Monastery at Mt. Kachkanar, Ural Mountains, Russia – 2017 photo by Amos Chapple. Built by a Russian Afghanistan war veteran, the monastery sits on land to be mined for its iron deposits. The land is owned by Roman Abramovich, an oligarch with close ties to Russian President Vladimir Putin.

“You’ve got to get yourself together,
You’ve got stuck in a moment,
And now you can’t get out of it.
Don’t say that later will be better
Now you’re stuck in a moment,
And you can’t get out of it”
– U2

The Wall is Trump’s moment. He believes he doesn’t have to cave in to Democrats. Democrats face the same moment. They rightly believe that if they cave in, Trump will ride them all the way to the 2020 presidential election. We the people are all stuck in this moment, too.

So, let’s take a moment, and understand the border wall today. The border with Mexico is roughly 1,900 miles long, and spans four states: California, Arizona, New Mexico and Texas. The Berlin Wall was 96 miles long, while the Great Wall of China is 13,000 miles long.

The current wall consists of about 700 miles of varied barriers, ranging from 10-foot rusted fencing made from military surplus corrugated metal left over from the Vietnam era, to chain link fencing and vehicle barriers that are no barrier to pedestrian traffic. Most of this needs replacing just to maintain the status quo. Here’s a map of where and what kind of wall we have:

Source: The Center for Investigative Reporting and OpenStreetMap contributors

A total of $1.7 billion was appropriated in FY17 and FY18 for new and replacement barriers and fences. Most of these funds have been designated to the Army Corps of Engineers. Much of that has been awarded to contractors. Only a small percentage (6%) has been paid out.
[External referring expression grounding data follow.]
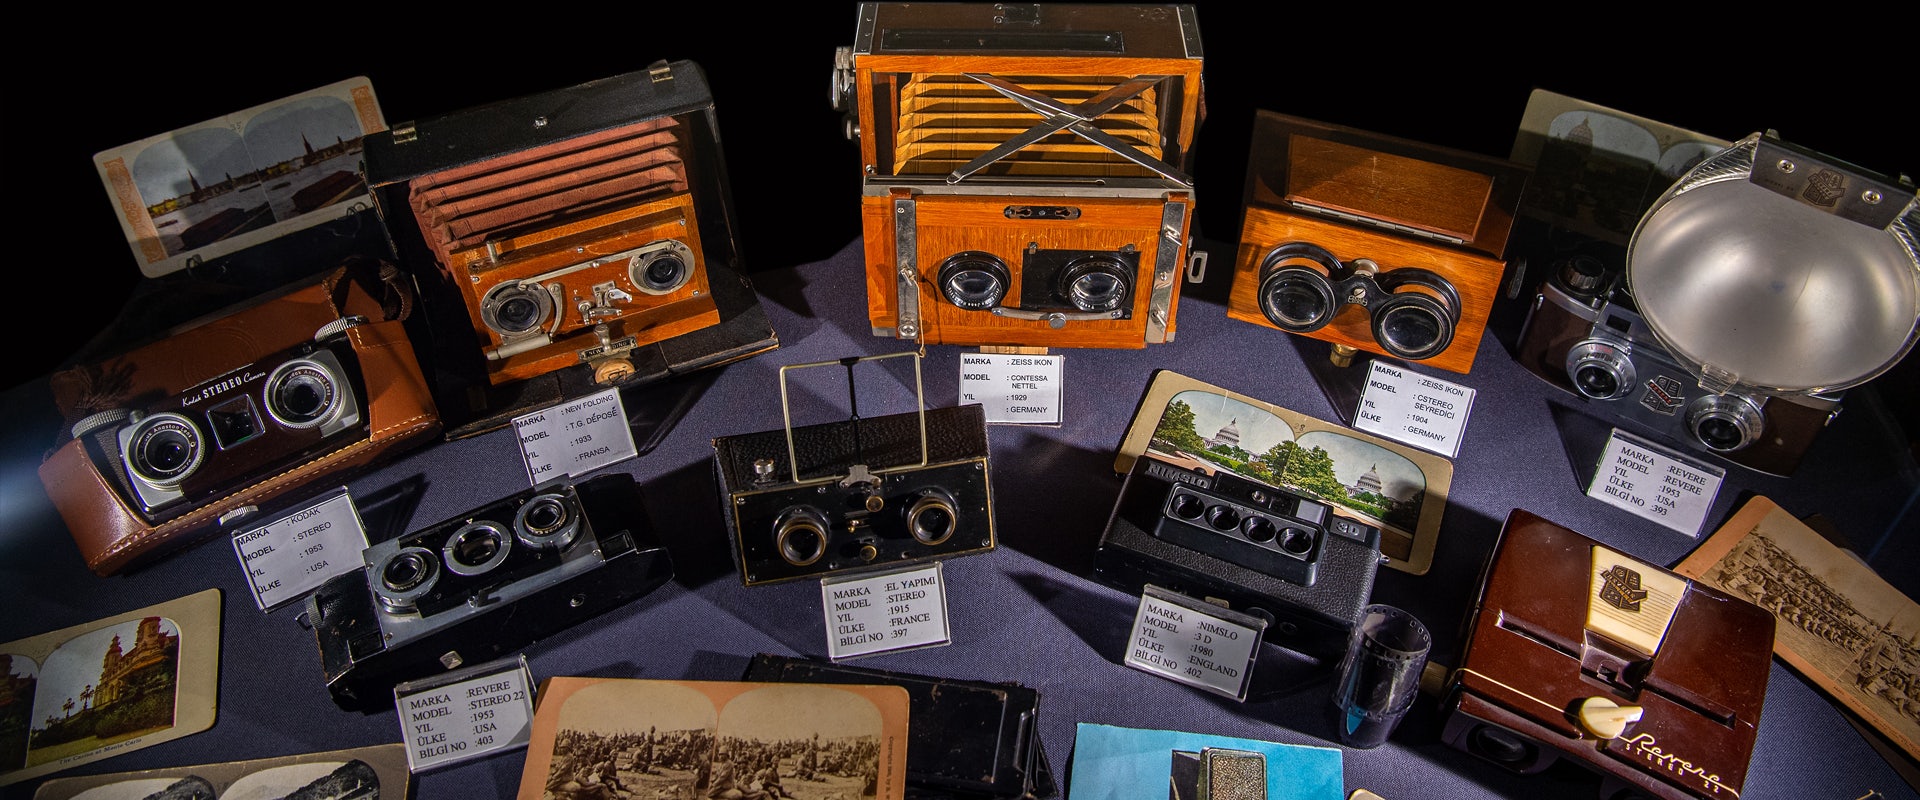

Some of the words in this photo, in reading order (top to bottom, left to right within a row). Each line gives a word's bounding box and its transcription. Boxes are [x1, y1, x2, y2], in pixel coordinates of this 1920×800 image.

[203, 376, 242, 399] STEREO
[1370, 381, 1396, 393] MODEL
[1418, 394, 1454, 410] CSTEREO
[1375, 365, 1402, 378] MARKA
[1422, 379, 1444, 391] ZEISS
[1445, 386, 1464, 397] IKON
[516, 415, 546, 428] MARKA
[565, 404, 581, 414] NEW
[583, 394, 614, 410] FOLDING
[522, 431, 549, 444] MODEL
[570, 421, 585, 430] T.G.
[586, 406, 618, 425] DÉPOSÉ
[1364, 400, 1376, 408] YIL
[1412, 414, 1428, 424] 1904
[575, 435, 592, 444] 1933
[1361, 410, 1381, 422] ÜLKE
[1408, 425, 1445, 442] GERMANY
[580, 446, 610, 460] FRANSA
[1621, 447, 1655, 465] MARKA
[1667, 465, 1707, 485] :REVERE
[1147, 463, 1209, 489] NIMSLO
[1614, 466, 1628, 478] YIL
[1659, 486, 1680, 498] :1953
[1617, 456, 1649, 474] MODEL
[1663, 475, 1702, 495] :REVERE
[1605, 485, 1629, 501] BİLGİ
[1631, 496, 1645, 507] NO
[1609, 476, 1634, 491] ÜLKE
[1655, 495, 1676, 508] :USA
[238, 528, 270, 545] MARKA
[291, 507, 320, 525] KODAK
[244, 545, 275, 561] MODEL
[298, 522, 331, 540] STEREO
[250, 568, 265, 578] YIL
[304, 544, 323, 556] 1953
[311, 560, 328, 572] USA
[834, 587, 871, 599] MARKA
[901, 577, 936, 589] YAPIMI
[835, 599, 871, 611] MODEL
[886, 590, 926, 604] :STEREO
[837, 614, 854, 622] YIL
[888, 605, 910, 615] :1915
[838, 623, 865, 634] ÜLKE
[889, 613, 930, 627] :FRANCE
[1147, 604, 1184, 623] MARKA
[1197, 621, 1238, 640] :NIMSLO
[840, 635, 866, 647] BİLGİ
[869, 632, 884, 642] NO
[1142, 627, 1158, 639] YIL
[1190, 644, 1214, 657] :1980
[1144, 616, 1179, 634] MODEL
[1204, 636, 1212, 644] D
[1134, 649, 1161, 664] BİLGİ
[1163, 660, 1178, 669] NO
[1138, 638, 1165, 654] ÜLKE
[1188, 655, 1238, 678] :ENGLAND
[411, 694, 452, 710] MARKA
[466, 681, 511, 698] :REVERE
[413, 707, 452, 722] MODEL
[468, 694, 511, 710] :STEREO
[514, 691, 524, 700] 22
[416, 724, 433, 734] YIL
[471, 710, 495, 722] :1953
[417, 733, 447, 747] ÜLKE
[473, 723, 497, 735] :USA
[419, 743, 449, 759] BİLGİ
[451, 742, 467, 752] NO
[1624, 733, 1730, 790] Revere
[1625, 743, 1684, 775] STEREO
[1704, 781, 1720, 793] 22
The following projects account for about half of these funds:

  • Near San Diego to replace 14 miles of 8-10 foot metal wall/fence with 18-30 foot tall bollard wall system for $287 million to begin in July 2019.
  • In the Rio Grande Valley to build 8 miles of 18 foot bollard wall and replace existing levee wall for $167 million to begin in February 2019.
  • In New Mexico to replace 20 miles of fencing with bollard wall for $73 million
  • In Arizona to build/replace 32 miles of “primary pedestrian wall” for $324 million to begin in April 2019.

That’s roughly $850 million for 75 miles of replacement fencing. At that rate, rebuilding the existing “wall” will take $8.5 billion and 10+ years.

The existing border fence cost about $2.4 billion. Building the rest of it could cost between $15 billion and $25 billion, with an annual maintenance cost of $700 million, according to an estimate by Marc Rosenblum, the deputy director of the US Immigration Policy Program at the nonpartisan Migration Policy Institute.

Trump will be long gone before his big, beautiful wall from sea to sea is built, if ever. It’s possible that migration patterns will change before that were to happen. And however the barrier system eventually turns out, it still has to be manned and maintained to be effective.

The question on the table this week is does Trump need approval from Congress, or can he just declare a national emergency and build away?

The Secure Fence Act  was signed in 2006 by George W. Bush. The majority of the fencing now in was built before he left office. The last remnants were completed after Obama took office in 2009. However, Trump must follow a decades-old border treaty with Mexico that limits where and how structures can be built along the border.

The 1970 treaty requires that structures cannot disrupt the flow of the rivers, which define the US-Mexican border along Texas and 24 miles in Arizona, according to The International Boundary and Water Commission, a joint US-Mexican agency that administers the treaty.

Turning to Trump’s national emergency idea, The National Emergencies Act was created to limit the power of a president to act without restriction in a situation that he deemed to threaten the republic. It limits the funds available for such construction to funds already appropriated for military construction.

The question is whether Trump can truly declare a “National Emergency” over a political fight. If so, can Trump go forward and legislate by Executive Order in a way that Obama was reviled for?

Time to wake up America! We need to look carefully at what limits on presidential power will be supported by Republicans.

After all, they thought Obama acted as a King.